There was an uneasy moment of silence, and I felt as if I was being sized up by a bunch of very eager salesmen. Should I press ahead with my most serious reservations, fed by the ache that still haunted me from seeing the faces of innocent people tracked by death in places like Tingi-Tingi and Ubundu, or should I let their story unfurl all of its own energy, limiting myself to pro forma questions to show that I was engaged?

The CIA man, who had lived up to the secretive image of his profession throughout the trip, sharing the merest scraps of dialogue with me and then tuning me out before I could pin him down on anything, including his name, suddenly piped up. “We didn’t know about [plans for a rebellion]. We weren’t informed about it. We didn’t have any intel on it until the attacks first started in the Uvira region,” he said. “We knew that at a minimum [the Rwandan army] wanted to push the refugees back from the border, and at a maximum, in my view, they would want to kill them.

“When the rebellion took off, we were caught playing catch-up, and the Zairians got steamrolled. There is no wink and a nod. There was never a wink and a nod.”

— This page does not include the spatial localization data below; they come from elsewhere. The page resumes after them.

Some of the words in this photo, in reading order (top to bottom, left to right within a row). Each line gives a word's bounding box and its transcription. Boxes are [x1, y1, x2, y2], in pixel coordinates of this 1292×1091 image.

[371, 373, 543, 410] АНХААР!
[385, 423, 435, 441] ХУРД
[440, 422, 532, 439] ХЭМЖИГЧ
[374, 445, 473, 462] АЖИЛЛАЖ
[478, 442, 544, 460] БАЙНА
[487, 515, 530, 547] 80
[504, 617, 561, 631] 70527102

We were running against the clock in Kisangani. There was an absurd proposition behind the stopover: a photo-op amid a holocaust. In the forest less than thirty miles away, extraordinarily unspeakable things had been happening. According to the latest reports, the AFDL had blocked access to one of the last refugee-gathering points south of Kisangani, a place of horrific death with no more descriptive name than its distance marker, Kilometer 42. Bulldozers had been sighted heading south down the road from Kisangani, and relief agency officials who had passed nearby on a train said the area reeked of incinerated bodies. Stories were spreading from Zairian villagers of daily roundups of the emaciated and diseased Hutu who straggled up the road toward Kisangani. Mini-massacres had become the routine, and women and children were given no more mercy than the men, who were ostensibly suspected of carrying out the anti-Tutsi genocide in Rwanda three years before.

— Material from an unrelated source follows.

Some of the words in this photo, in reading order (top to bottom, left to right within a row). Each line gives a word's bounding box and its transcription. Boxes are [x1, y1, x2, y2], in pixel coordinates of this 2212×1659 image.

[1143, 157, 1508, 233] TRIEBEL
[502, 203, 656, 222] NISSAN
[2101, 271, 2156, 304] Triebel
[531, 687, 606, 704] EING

Mocking Kabila’s promises, UN officials were being turned back by Tutsi soldiers every time they tried to venture down the road that leads south out of town. The pretense for their refusal to allow forward passage was that they had never received any orders to that effect. Each night, meanwhile, under the cover of the equatorial forest, the bonfires and the bulldozers continued to do their work.

Reports reached us of a fresh arrival of refugees into town, and soon after our landing we rushed to one of Kisangani’s river ports to witness it. Our timing was perfect. With a sweeping arcade of flamboyant trees framing the scene in red against the silver-hot sky, Richardson approached the docks with his party bunched closely around him. Aides quickly ushered him toward a distraught mother who carried an infant swaddled in a colorful scrap of indigo cloth. Someone whispered something in Richardson’s ear about the baby needing urgent medical care. Richardson’s face bore the most basic expression of human sympathy and recognition of life’s fragility, and his pity appeared entirely genuine. Nonetheless, as he spoke a few words of sympathy to the mother, there was an inescapable feeling of an American electoral campaign stop. Then, at the very moment he reached for the baby, its short life expired.

It took us all a few minutes to gather our composure, but soon enough the caravan was in motion again. We went to see the local governor, Jean Sitolo, freshly appointed by the AFDL, and from wrenching pathos we segued seamlessly into pious sermons. “It is too bad you were not able to visit Biaro. Our alliance has been accused of massacring refugees, but whatever incidents have occurred are things that have happened between the refugees themselves. Don’t forget, because of hunger, because they have been walking for two years [
sic
], many of them are dying.”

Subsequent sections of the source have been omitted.